DESCRIPTION OF THE TASK - Where a record contains an image, leave the image out and print the rest exactly.

Saved entries
════════════════════

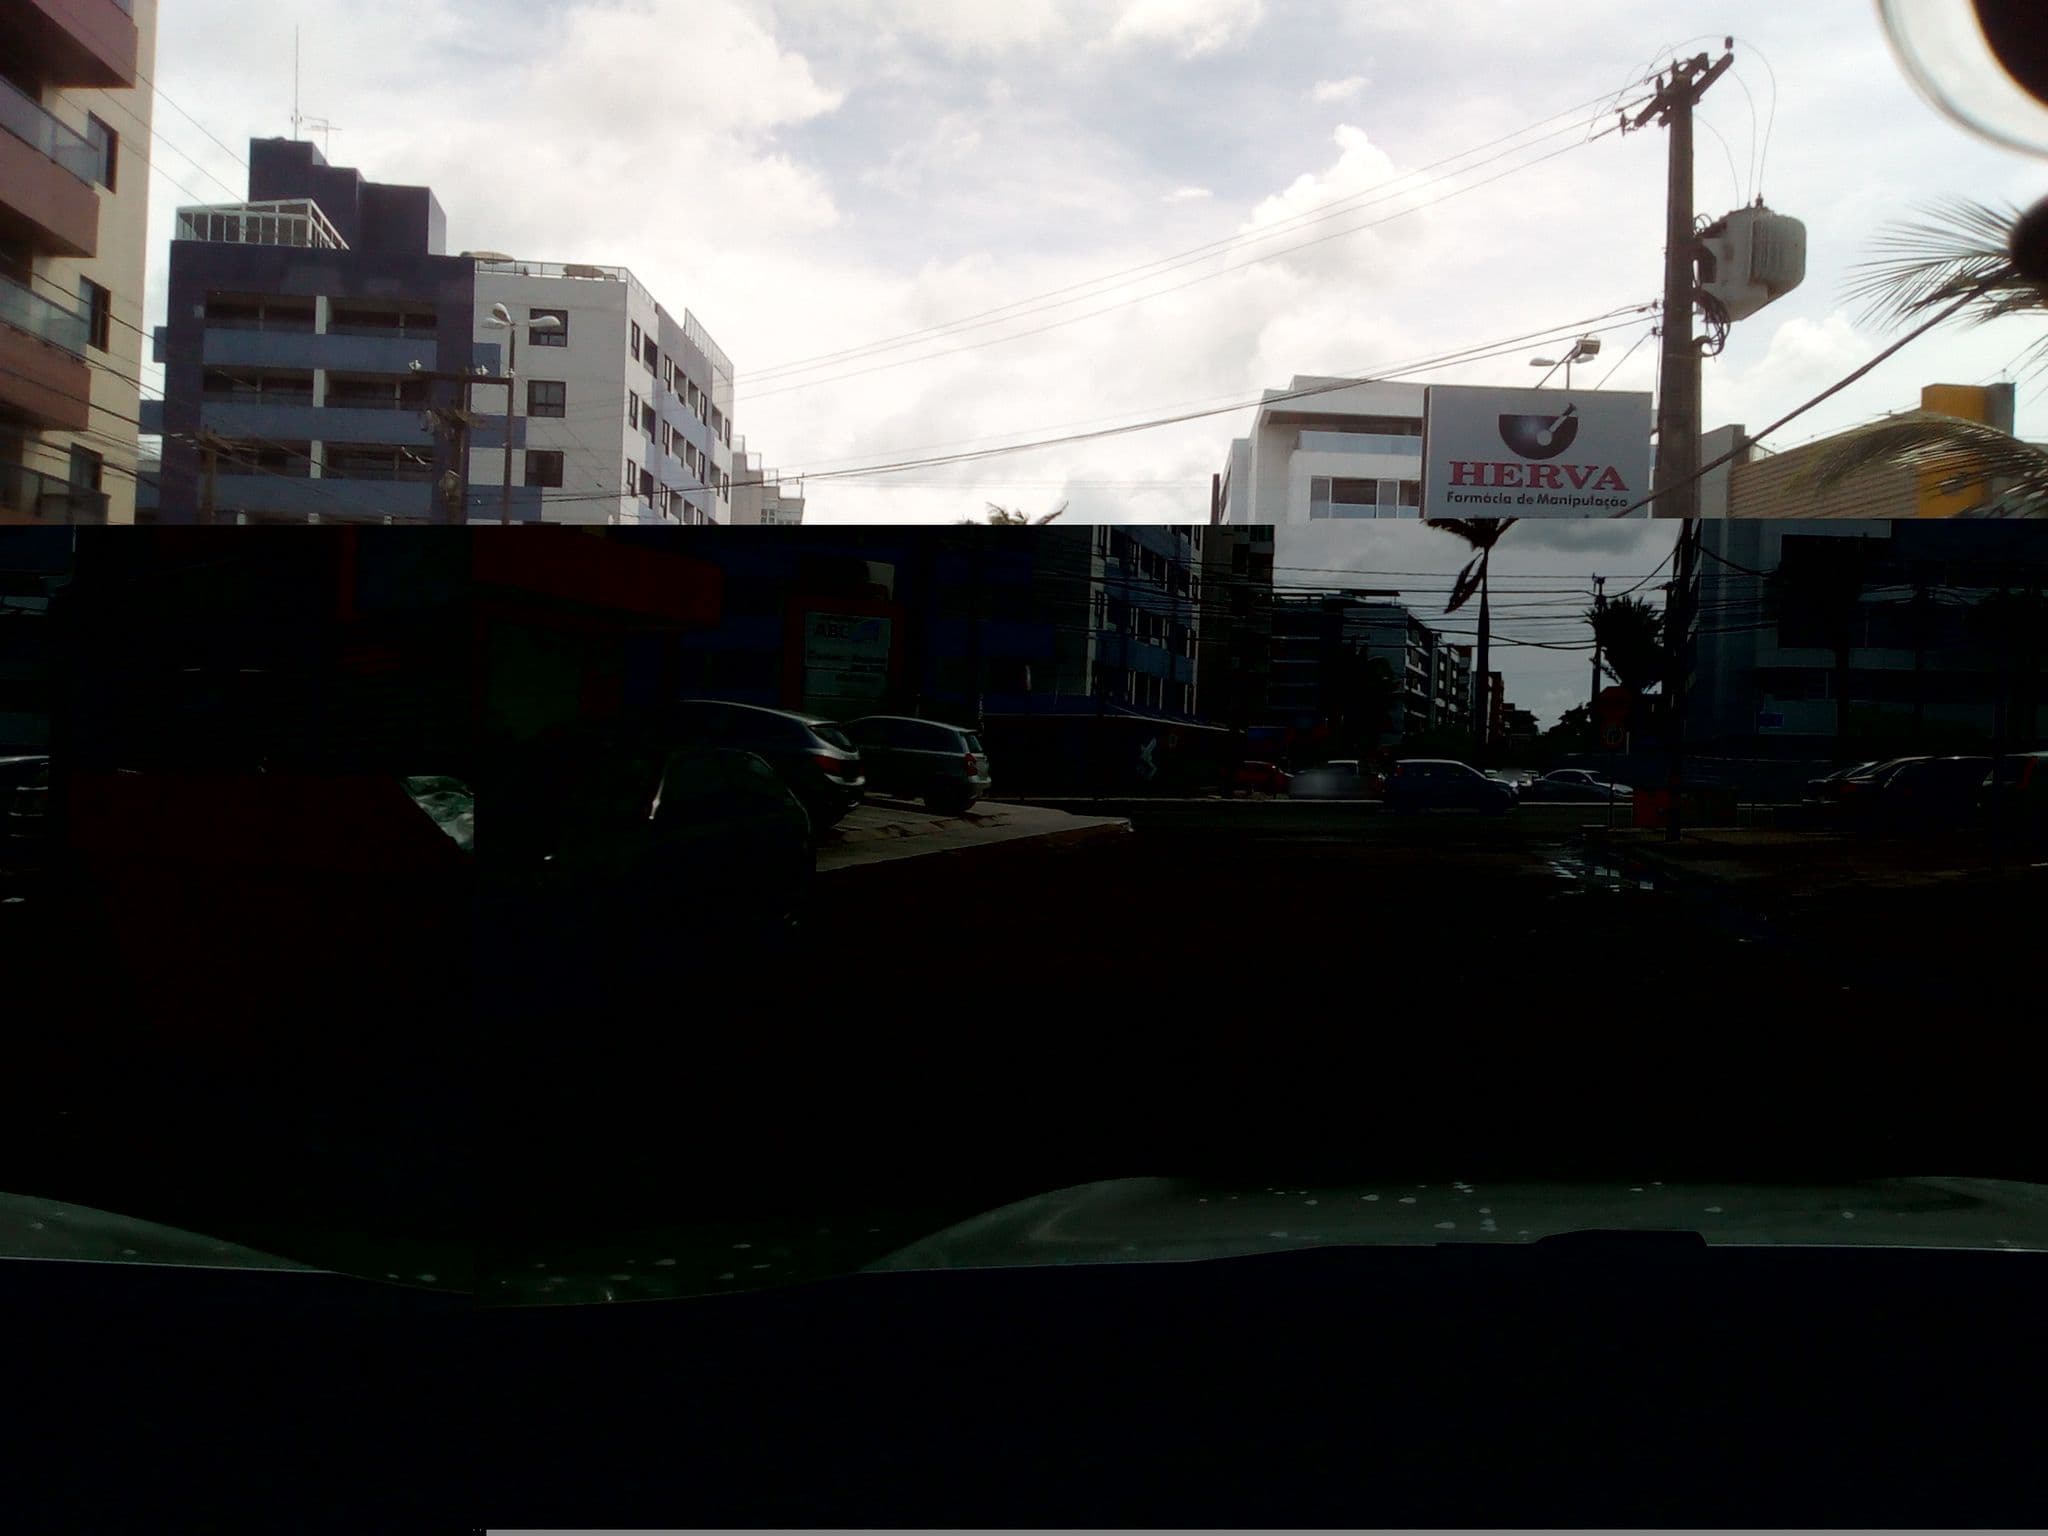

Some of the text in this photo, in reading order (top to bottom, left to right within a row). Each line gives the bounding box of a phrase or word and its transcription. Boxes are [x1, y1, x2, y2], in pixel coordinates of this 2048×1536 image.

[1448, 461, 1630, 491] HERVA
[1446, 491, 1628, 510] Farmácia de Manipulação
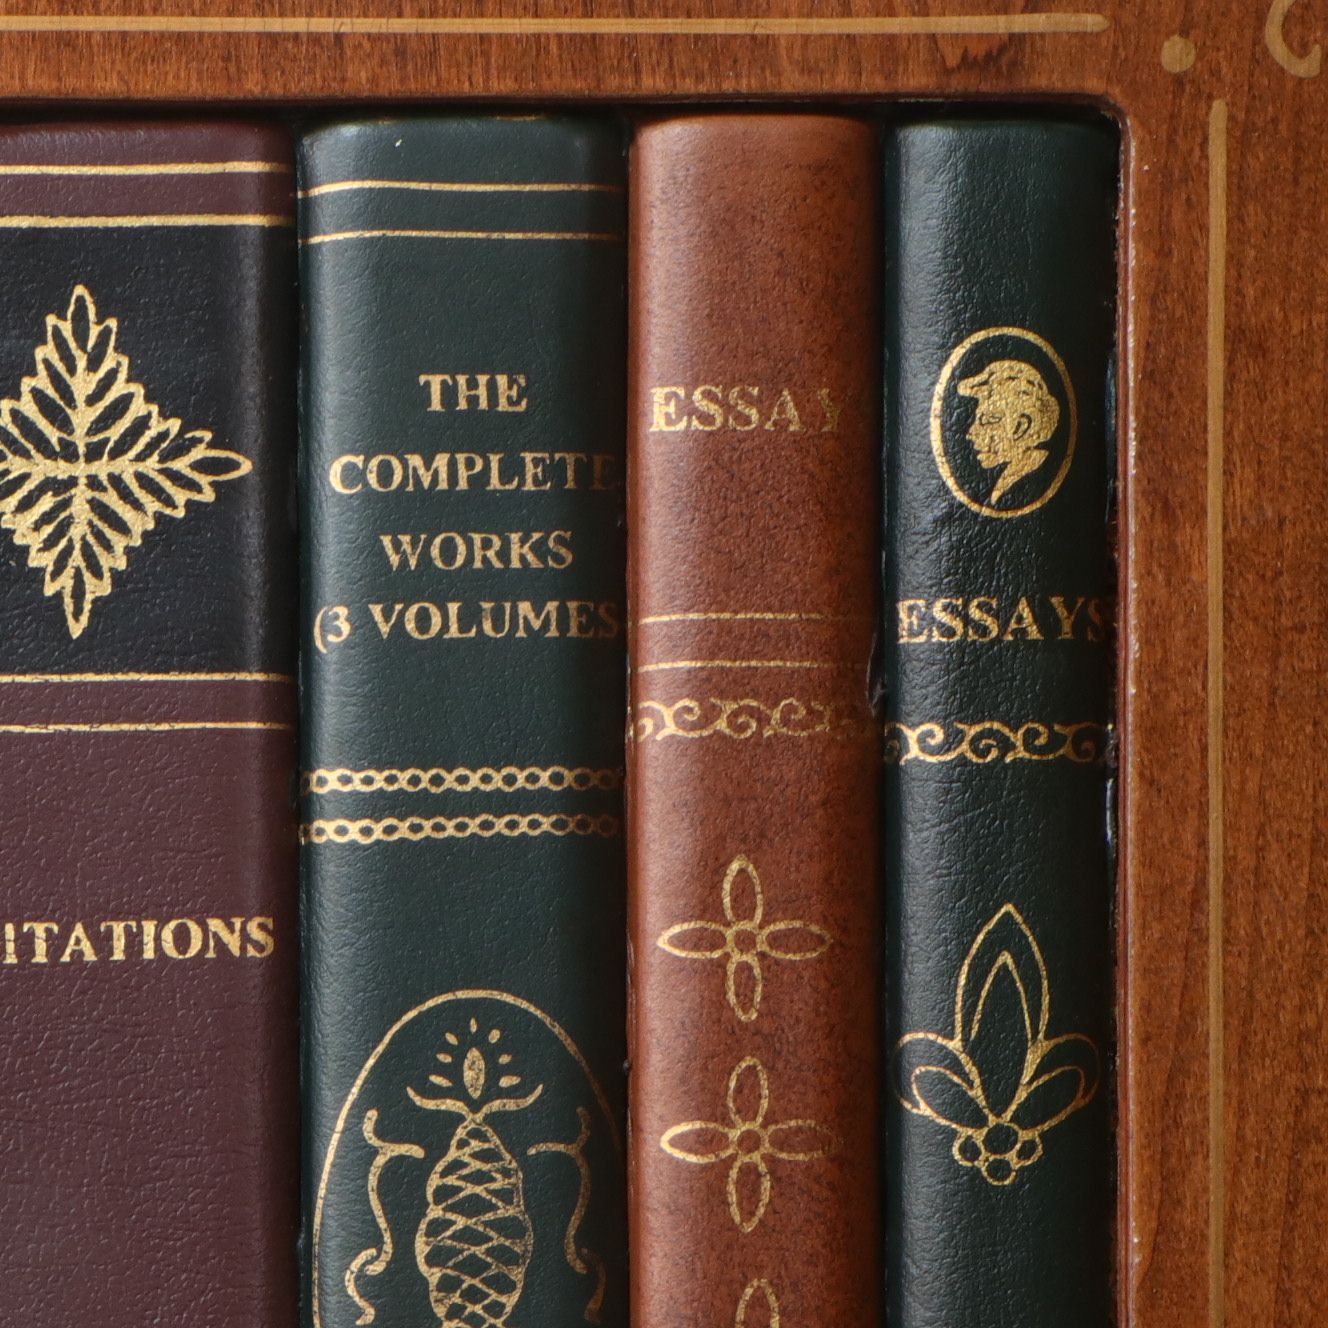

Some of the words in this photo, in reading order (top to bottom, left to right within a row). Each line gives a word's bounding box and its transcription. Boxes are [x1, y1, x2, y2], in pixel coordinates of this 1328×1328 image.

[419, 373, 528, 412] THE
[379, 530, 573, 571] WORKS
[313, 605, 351, 654] (3
[368, 600, 618, 639] VOLUMES
[896, 596, 1107, 644] ESSAYS

════════════════════

TASK RESPONSE -
Some of the text in this photo, in reading order (top to bottom, left to right within a row). Each line gives the bounding box of a phrase or word and its transcription. Boxes are [x1, y1, x2, y2], in pixel coordinates of this 2048×1536 image.

[1448, 461, 1630, 491] HERVA
[1446, 491, 1628, 510] Farmácia de Manipulação

Some of the words in this photo, in reading order (top to bottom, left to right within a row). Each line gives a word's bounding box and its transcription. Boxes are [x1, y1, x2, y2], in pixel coordinates of this 1328×1328 image.

[419, 373, 528, 412] THE
[379, 530, 573, 571] WORKS
[313, 605, 351, 654] (3
[368, 600, 618, 639] VOLUMES
[896, 596, 1107, 644] ESSAYS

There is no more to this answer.